[Referring expression grounding data]
------------------------------------------------------------

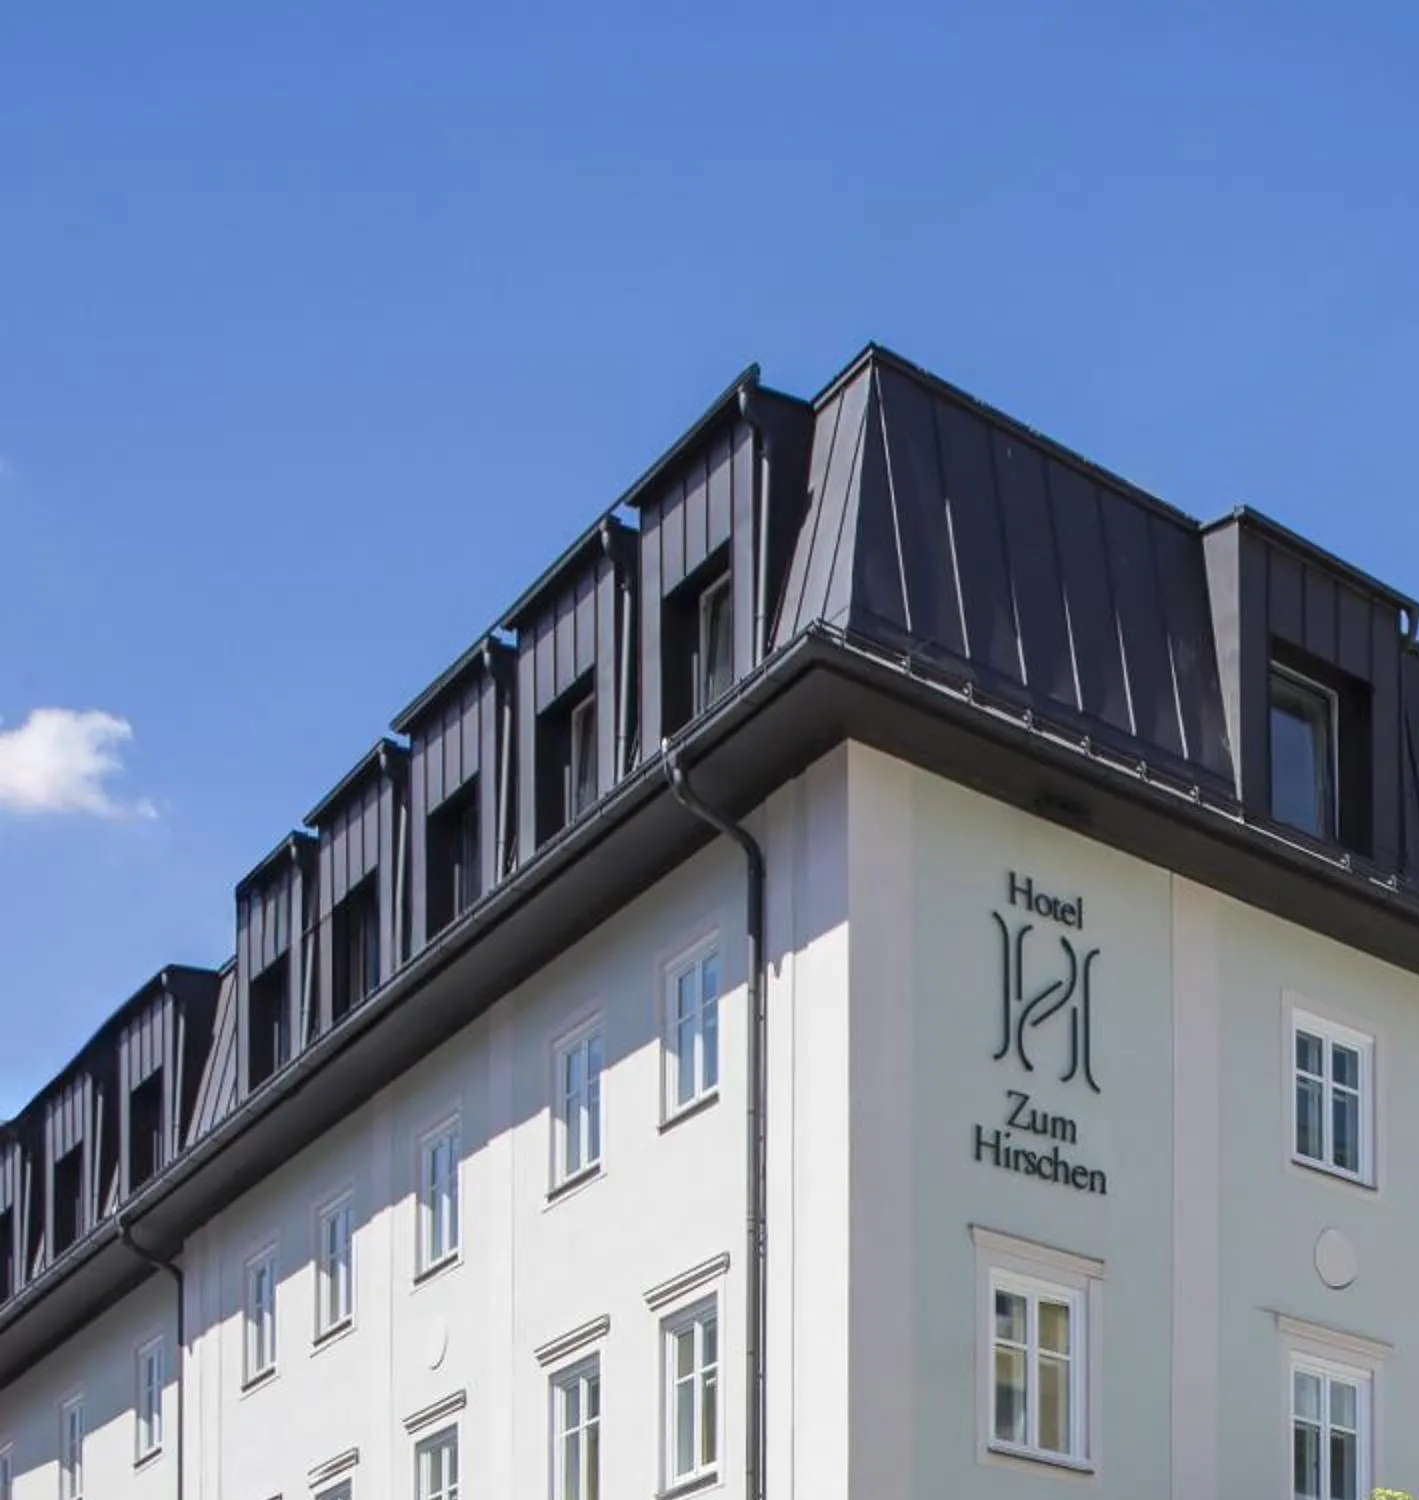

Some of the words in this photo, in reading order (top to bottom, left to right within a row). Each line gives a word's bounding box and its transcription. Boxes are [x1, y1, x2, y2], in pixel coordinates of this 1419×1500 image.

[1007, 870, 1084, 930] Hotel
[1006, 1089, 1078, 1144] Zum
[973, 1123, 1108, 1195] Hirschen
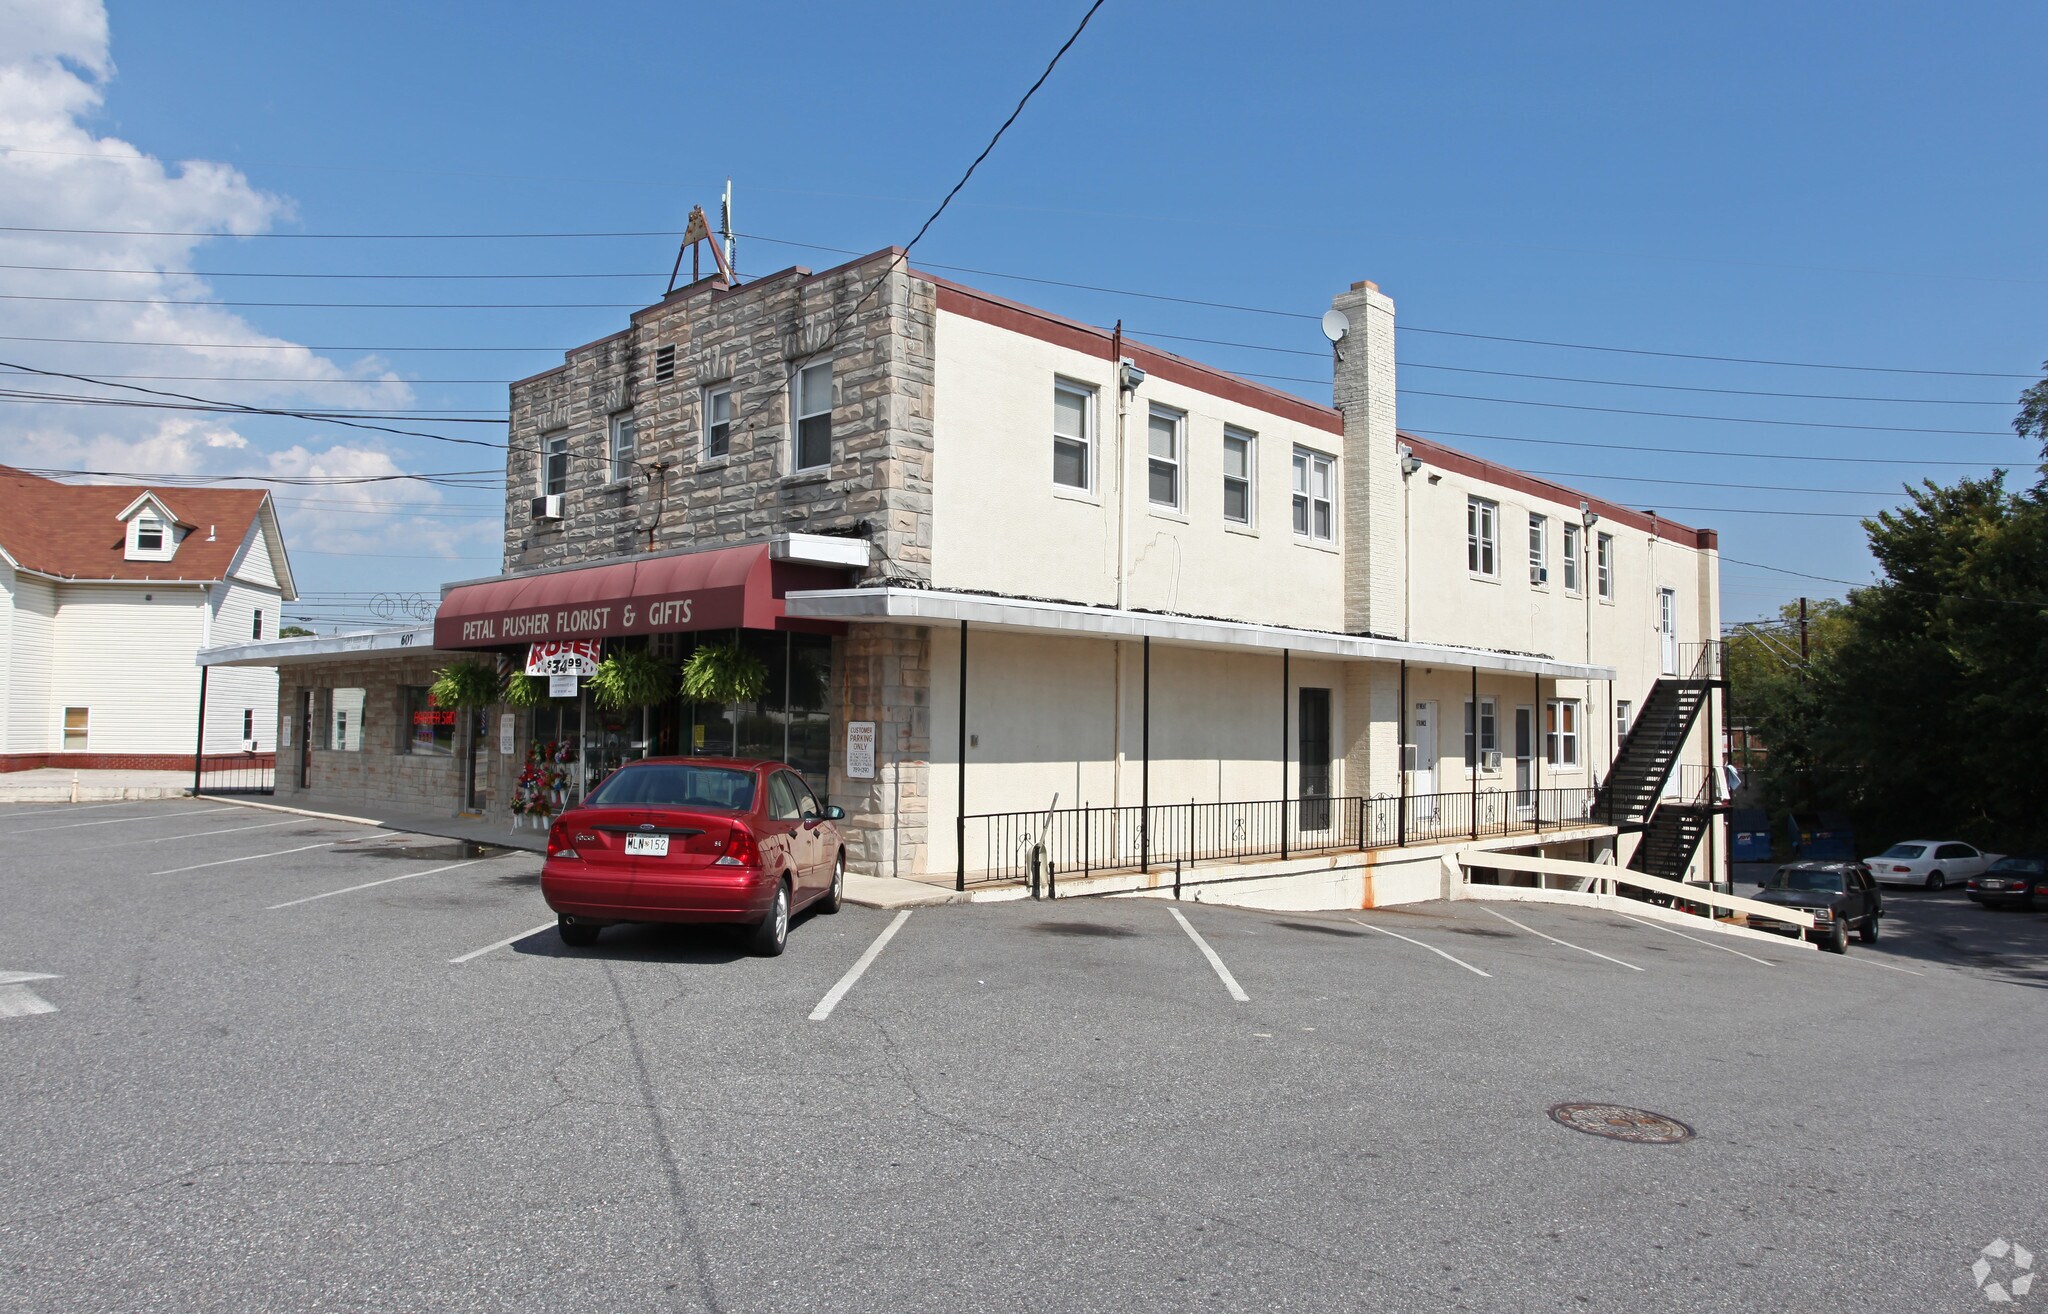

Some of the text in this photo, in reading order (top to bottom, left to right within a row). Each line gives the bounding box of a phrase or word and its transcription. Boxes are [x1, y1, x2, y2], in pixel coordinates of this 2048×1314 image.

------------------------------------------------------------

[Description of the task]: Because the pictures are not wanted, retype every record exactly without them.

[Result below]:
Some of the words in this photo, in reading order (top to bottom, left to right within a row). Each line gives a word's bounding box and its transcription. Boxes are [x1, y1, x2, y2], in pixel coordinates of this 1419×1500 image.

[1007, 870, 1084, 930] Hotel
[1006, 1089, 1078, 1144] Zum
[973, 1123, 1108, 1195] Hirschen

Some of the text in this photo, in reading order (top to bottom, left to right within a row). Each line gives the bounding box of a phrase or word and its transcription. Boxes are [x1, y1, x2, y2], in pixel coordinates of this 2048×1314 image.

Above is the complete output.